In our experience, the relationship of the lesion to the hilar and intrahepatic vessels and bile ducts is an important key in the evaluation before MWA. With this as a starting point, we have developed the appropriate exclusion criteria. Among the patients, single (80.0%) and multiple lesions (20%) were involved, and lesions smaller than 3 cm, 3–5 cm, and > 5 cm were also included. The efficacy of MWA treatment could not be determined because the sample size of > 5 cm was too small to be included. However, for patients ≤ 5 cm, our study initially showed the effectiveness of its treatment.
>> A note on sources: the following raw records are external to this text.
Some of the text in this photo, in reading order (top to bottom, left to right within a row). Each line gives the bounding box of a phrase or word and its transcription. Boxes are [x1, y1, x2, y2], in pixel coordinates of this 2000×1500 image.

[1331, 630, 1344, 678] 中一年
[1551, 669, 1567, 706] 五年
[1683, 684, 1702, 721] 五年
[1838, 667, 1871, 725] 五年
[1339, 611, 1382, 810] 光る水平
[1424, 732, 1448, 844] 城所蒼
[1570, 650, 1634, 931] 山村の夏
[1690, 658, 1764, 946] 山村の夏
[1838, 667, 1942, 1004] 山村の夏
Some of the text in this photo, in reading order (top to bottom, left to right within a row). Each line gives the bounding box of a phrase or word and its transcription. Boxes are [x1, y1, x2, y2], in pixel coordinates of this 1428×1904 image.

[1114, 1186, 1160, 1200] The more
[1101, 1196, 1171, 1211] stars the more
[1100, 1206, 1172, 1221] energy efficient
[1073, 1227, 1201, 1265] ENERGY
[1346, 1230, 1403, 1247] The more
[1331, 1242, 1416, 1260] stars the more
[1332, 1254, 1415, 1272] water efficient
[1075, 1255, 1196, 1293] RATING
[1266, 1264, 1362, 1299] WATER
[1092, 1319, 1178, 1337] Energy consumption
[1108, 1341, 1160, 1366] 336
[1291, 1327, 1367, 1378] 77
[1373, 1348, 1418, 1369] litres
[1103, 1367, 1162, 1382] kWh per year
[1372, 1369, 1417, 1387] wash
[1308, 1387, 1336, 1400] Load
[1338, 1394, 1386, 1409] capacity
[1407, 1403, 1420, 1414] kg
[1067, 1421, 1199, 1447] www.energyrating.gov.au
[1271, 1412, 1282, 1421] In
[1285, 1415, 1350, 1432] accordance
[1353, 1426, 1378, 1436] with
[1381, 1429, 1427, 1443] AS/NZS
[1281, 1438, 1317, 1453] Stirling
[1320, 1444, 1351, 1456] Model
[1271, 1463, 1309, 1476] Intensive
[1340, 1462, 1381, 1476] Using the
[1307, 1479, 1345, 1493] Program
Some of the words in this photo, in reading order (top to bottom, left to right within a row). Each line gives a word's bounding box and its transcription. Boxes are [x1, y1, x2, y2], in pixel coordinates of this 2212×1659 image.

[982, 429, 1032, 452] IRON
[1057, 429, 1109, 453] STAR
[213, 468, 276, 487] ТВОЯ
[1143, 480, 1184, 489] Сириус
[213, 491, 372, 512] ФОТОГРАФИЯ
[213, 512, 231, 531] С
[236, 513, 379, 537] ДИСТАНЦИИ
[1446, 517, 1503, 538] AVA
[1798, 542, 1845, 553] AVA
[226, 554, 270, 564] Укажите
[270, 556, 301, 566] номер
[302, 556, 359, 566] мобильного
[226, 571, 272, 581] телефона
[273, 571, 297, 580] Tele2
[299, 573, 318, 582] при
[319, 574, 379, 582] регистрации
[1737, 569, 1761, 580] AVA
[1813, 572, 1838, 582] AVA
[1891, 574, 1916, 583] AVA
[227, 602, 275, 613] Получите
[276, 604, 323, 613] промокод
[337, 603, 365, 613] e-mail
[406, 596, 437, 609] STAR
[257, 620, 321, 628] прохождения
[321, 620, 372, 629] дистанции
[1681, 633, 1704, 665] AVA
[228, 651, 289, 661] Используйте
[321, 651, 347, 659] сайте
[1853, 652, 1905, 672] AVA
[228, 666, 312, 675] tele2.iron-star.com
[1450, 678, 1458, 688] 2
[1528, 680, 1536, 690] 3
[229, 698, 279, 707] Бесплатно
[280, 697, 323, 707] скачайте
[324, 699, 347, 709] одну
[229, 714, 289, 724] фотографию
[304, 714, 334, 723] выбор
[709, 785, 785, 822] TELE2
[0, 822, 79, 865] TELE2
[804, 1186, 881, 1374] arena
In our study, one of the six patients who relapsed was P3N0M0, Kodama type 3; five were P1N0M0, Kodama type 1. According to Azizi et al. , Kodama type 1–3 is metabolically active. The recurrence in these six patients may be due to the failure to completely ablate the "infiltrative zone" around the lesion. However, the remaining metabolically active 44 lesions were ablated. Thus, our results suggest that MWA can be used in patients with P1N0M0 stage and Kodama type 1–3. Also, in conjunction with the study by Azizi et al. , we suggest that a follow-up can be adopted for patients with Kodama type 4–5. When the lesion tends to progress, aggressive surgical or MWA treatment is then promptly undertaken. Of course, we still need more studies to investigate the appropriate population for MWA to treat HAE.
The study with the largest number of cases and the longest follow-up period to evaluate the efficacy of MWA in the treatment of HAE. However, this study also has several limitations. First, the study was descriptive. So, we did not set up a control group. But we have compared the results of other researchers and confirmed the safety and efficacy of MWA to some extent. Secondly, the number of cases with a follow-up period of more than 5 years is still relatively insufficient. We need studies in this area to confirm the long-term recurrence rate of MWA. Third, we have only confirmed the effectiveness and safety of MWA for the treatment of lesions up to 5 cm in diameter. The performances of MWA in large lesions were not assessed in our study. Finally, this is a single-centered and retrospective work, which can easily lead to selection bias. Therefore, more researches are needed to verify our findings.
In conclusion, our results show that MWA is a safe and effective way to treat HAE. Meanwhile, it provides a new option and a new way of thinking about the treatment modality for patients with lesions ≤ 5 cm in diameter, P1N0M0, and Kodama type 1–3. And it has the possibility to replace radical surgery and drugs in the treatment of early HAE.